Similar to other forms of severe viral pneumonia, excessive immune response is an important pathophysiology that aggravates COVID-19 [31]. Therefore, steroids with strong anti-inflammatory and immunosuppressive effects have been suggested as one of the treatments for severe COVID-19.

1) Clinical data

Currently, there are no clinical data on the treatment of children and adolescents with COVID-19 using corticosteroids only. However, several RCTs involving adults showed that systemic corticosteroid therapy improved clinical outcomes and reduced mortality in hospitalized COVID-19 patients requiring supplemental oxygen therapy [32-37]. The RECOVERY trial is the largest multicenter, open-label RCT of dexamethasone in hospitalized patients with COVID-19 in the United Kingdom. A total of 6,425 patients underwent randomization; 2,104 received dexamethasone 6 mg intravenously or orally once daily plus standard care for up to 10 days or until discharge and 4,321 received standard care only [36]. The overall mortality rate at day 28 was 22.9% in the dexamethasone group and 25.7% in the standard care group (age-adjusted rate ratio, 0.83; 95% CI, 0.75–0.93; P<0.001). In patients with severe COVID-19 who required supplemental oxygen, dexamethasone reduce mortality at day 28, with greatest benefit in those with mechanical ventilation at randomization: patients requiring mechanical ventilation or ECMO at randomization, 29.3% in the dexamethasone group versus 41.4% in the standard care group (rate ratio, 0.64; 95% CI, 0.51–0.81); patients requiring supplemental oxygen but not mechanical ventilation at randomization, 23.3% in the dexamethasone group versus 26.2% in the standard care group (rate ratio, 0.82; 95% CI, 0.72–0.94). However, no survival benefit of dexamethasone who did not require supplemental oxygen at baseline (17.8% in the dexamethasone group vs. 14.0 % in the standard care group; rate ratio, 1.19; 95% CI, 0.92–1.55).
In the CoDEX (COVID-19-associated ARDS treated with DEXamethasone) trial, a multicenter, open-label RCT of dexamethasone in patients with acute respiratory distress syndrome (ARDS) in Brazil, patients who received mechanical ventilation within 48 hours of meeting criteria for moderate to severe ARDS were randomized to the dexamethasone group (20 mg intravenously daily for 5 days, then 10 mg for 5 days or until intensive care unit discharge; 151 patients) or the standard care group (148 patients) [35]. Although the CoDEX trial was early terminated after the release of data from the Randomized Evaluation of COVID-19 Therapy (RECOVERY) trial, the mean number of days alive and free from mechanical ventilation by day 28 was significantly longer in the dexamethasone group (6.6 days in the dexamethasone group vs. 4.0 days in standard care group; P=0.04). Several RCTs of hydrocortisone [32] or methylprednisolone [37] in patients with severe COVID-19 showed the clinical benefits in the treatment failure or mortality rate. However, there were insufficient data to evaluate the efficacy of hydrocortisone and methylprednisolone because enrollment stopped after release of data from the RECOVERY trial.
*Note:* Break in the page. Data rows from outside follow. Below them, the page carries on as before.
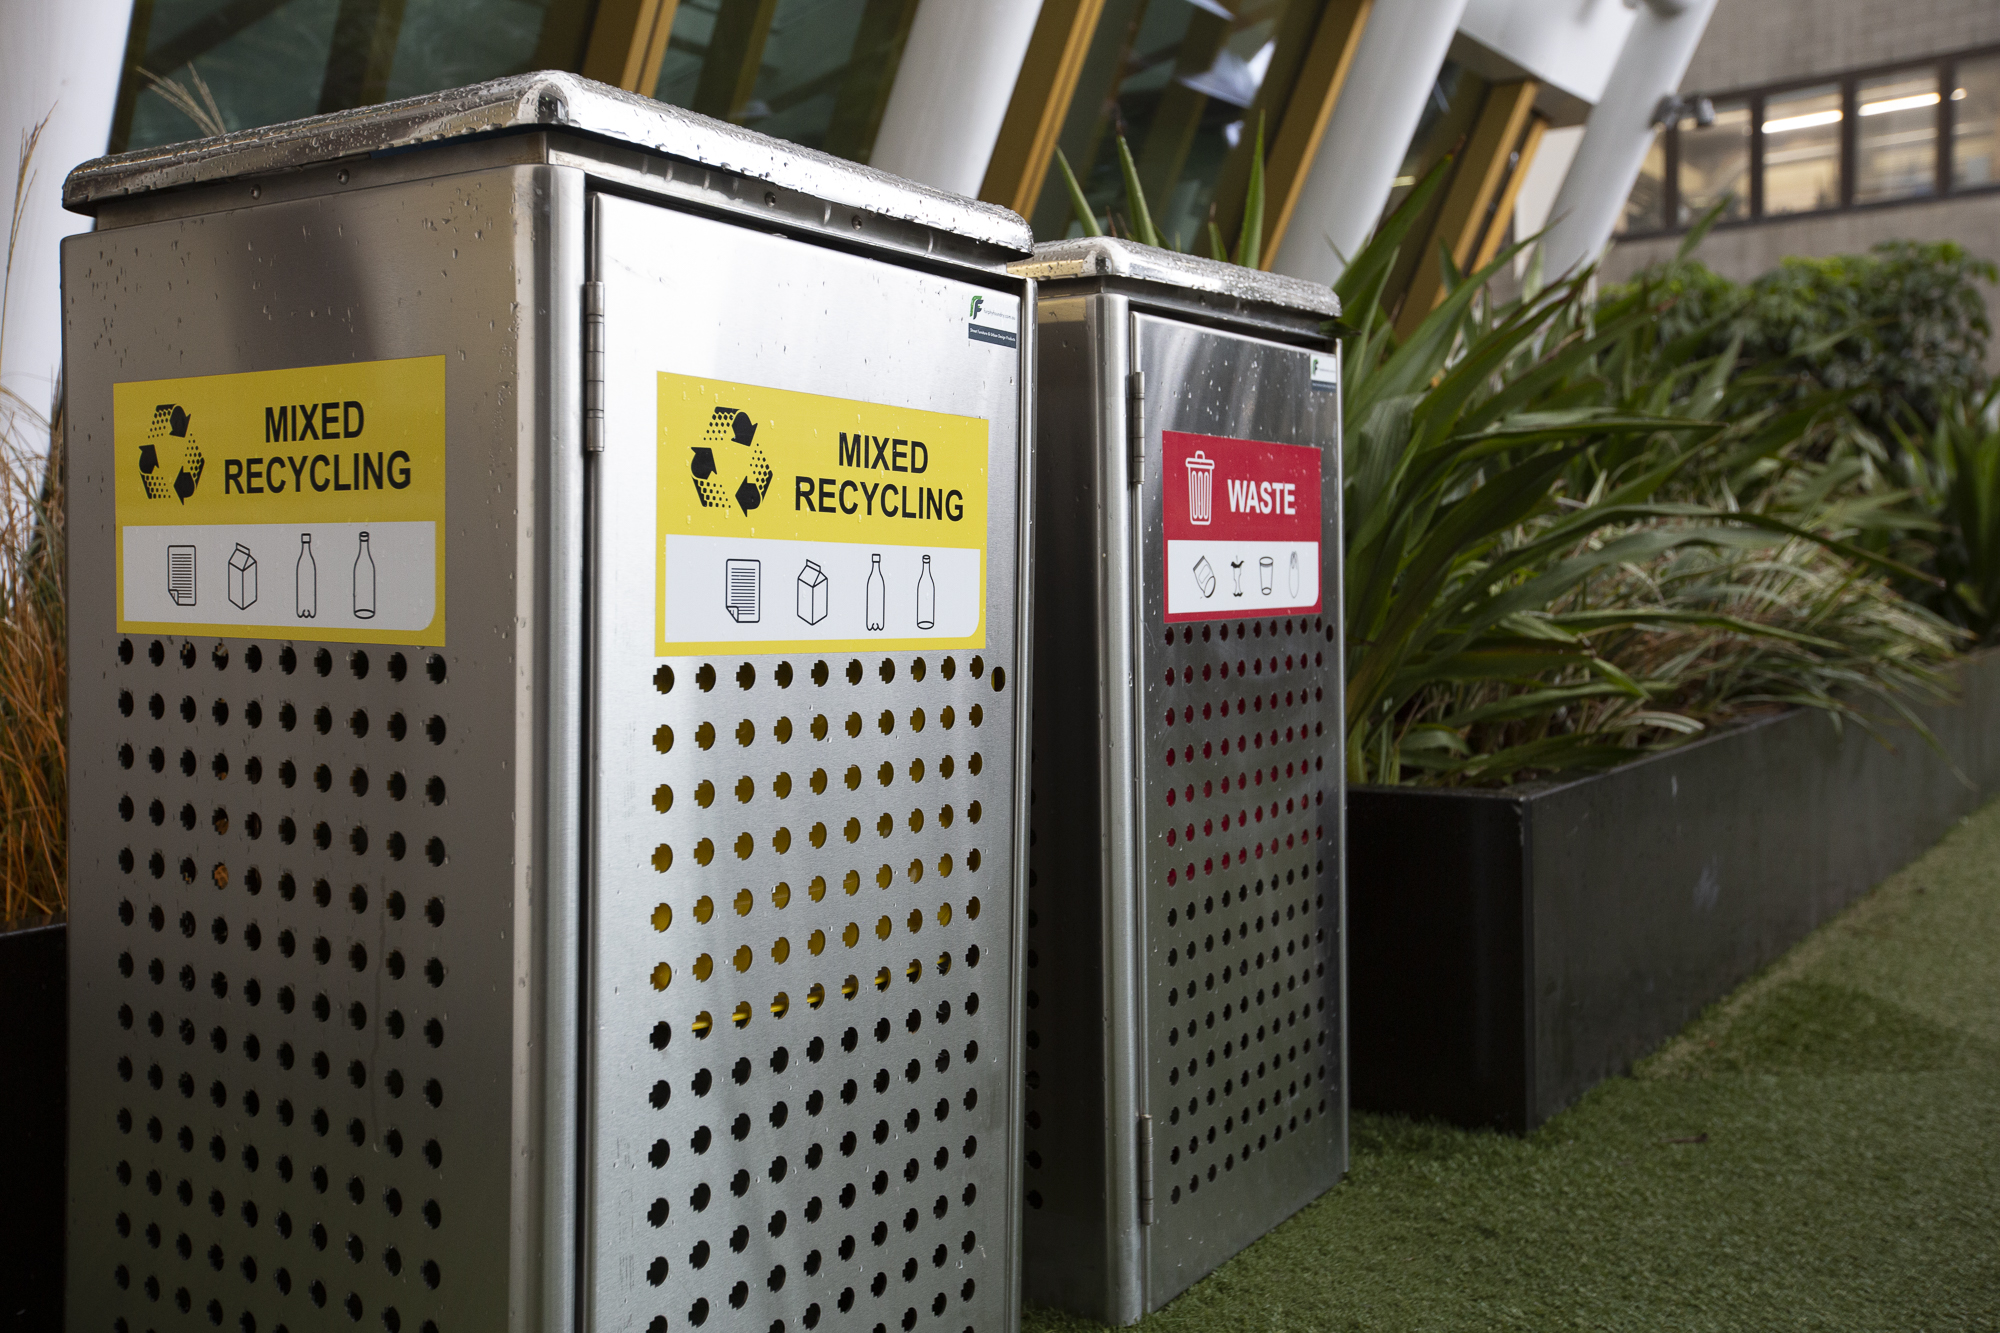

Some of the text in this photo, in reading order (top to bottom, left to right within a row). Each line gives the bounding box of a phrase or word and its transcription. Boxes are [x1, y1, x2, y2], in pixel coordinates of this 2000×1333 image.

[265, 401, 364, 443] MIXED
[224, 450, 411, 495] RECYCLING
[838, 432, 929, 474] MIXED
[795, 476, 964, 522] RECYCLING
[1227, 479, 1296, 515] WASTE
2) Recommendations in the guidelines of other countries and international organizations

The WHO, IDSA, NIH, NICE, and Australian guidelines strongly recommend the use of corticosteroids in adult patients with severe and critical COVID-19 who require supplemental oxygen [7-10,20]. However, the use of corticosteroids is not recommended for patients with nonsevere COVID-19.
Although there is a lack of evidence for the use of corticosteroids in children and adolescents with severe COVID-19, several guidelines recommend the use of corticosteroids in pediatric patients with severe or critical COVID-19 based on clinical data from adult patients. The NIH guidelines recommend using dexamethasone for hospitalized children who require high-flow oxygen therapy, noninvasive ventilation, invasive mechanical ventilation, or ECMO [22]. The Australian guidelines recommend using dexamethasone daily intravenously or orally for up to 10 days (or acceptable alternative regimen) in children and adolescents with COVID-19 who are receiving oxygen including those requiring mechanical ventilation (conditional recommendation) [1].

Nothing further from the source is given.